3 Doe wrote, among other things, “It all started when I was about 4-5 years old. . . . It soon started during into days, months, and then years. I knew I had to just tell someone about it because it wasn’t right. [Appellant] told me if I ever told anyone bad things were probably going to happen. He later tried to touch me where my bathing suit cover, like down in my private area and kind [of] down my chest area. He kept trying to do it to me until one day we went behind one of his giant sheds and [he] asked me to be his ‘girlfriend.’ . . . I had to keep this secret for 5- 6 years . . . I soon realized I had to get help from someone because this was bad enough.” Doe testified what she wrote was true, nobody told her what to write. Todd, Doe’s father, testified he knew something was wrong before Doe made the disclosure about appellant. He did not like Martha and “didn’t really have a relationship” with appellant. In the defense case, Alicia Gonzalez testified appellant was her son in law. Doe told her that appellant did not touch her “buttocks, her breasts.” Gonzalez said she was familiar with Doe and “[s]ometimes she lies.” Gonzalez testified that Doe’s “mom and dad told her to say lies.” Lorena Martinez, appellant’s sister, testified that she had to help him because appellant had several surgeries. As a result of neck surgery “he couldn’t move.” She had to help him sit and he had trouble holding things. A.C., appellant’s son, testified that Doe would come to their house and play. He, Doe, and his cousins played together as a group. On cross-examination, he said there were times when they were not together as a group. On those occasions, he “didn’t necessarily know where she was.” Martha testified appellant had eight surgeries.
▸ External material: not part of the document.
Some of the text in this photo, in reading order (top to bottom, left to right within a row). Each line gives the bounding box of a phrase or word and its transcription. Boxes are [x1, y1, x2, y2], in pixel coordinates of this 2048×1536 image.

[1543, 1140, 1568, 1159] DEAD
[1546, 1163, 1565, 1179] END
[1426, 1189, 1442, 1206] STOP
After his 2014 surgery there was an 18 month period where “[h]e could not

4 move” or “grab anything.” Children could not come into their home without their mother being present until after 5:30 p.m. Between the period October 2014 to September 2019, appellant was not “left in the home without another adult present.” The children played outside in the backyard, if they had to come in another adult would be present. She was not at her house on workdays between 9 a.m. and 2:15 p.m. During certain time periods in 2020 and 2021 appellant spent time in Mexico. Doe “loved being around” Martha and appellant. Appellant would not be capable of molesting Doe, and Doe never mentioned that he had molested her. In rebuttal, Dr. Jody Ward, a psychologist and expert on child sexual abuse accommodation syndrome (CSAAS), testified CSAAS explains “a pattern of behaviors that many children exhibit who have been sexually abused.” Such children may “accommodate the abuse by acquiescing or going along with the sexual abuse.” They may delay reporting it. They may not reveal the sexual abuse and “tend to test the waters and see how the person that they make that disclosure to is going to respond to that disclosure. DISCUSSION The Juror’s Letter, Due Process And Juror Misconduct Appellant claims a post-trial juror’s letter shows there was a procedural error that deprived him of due process and a fair trial. We disagree. At the end of trial, the court requested jurors to make recommendations to improve the court’s procedures.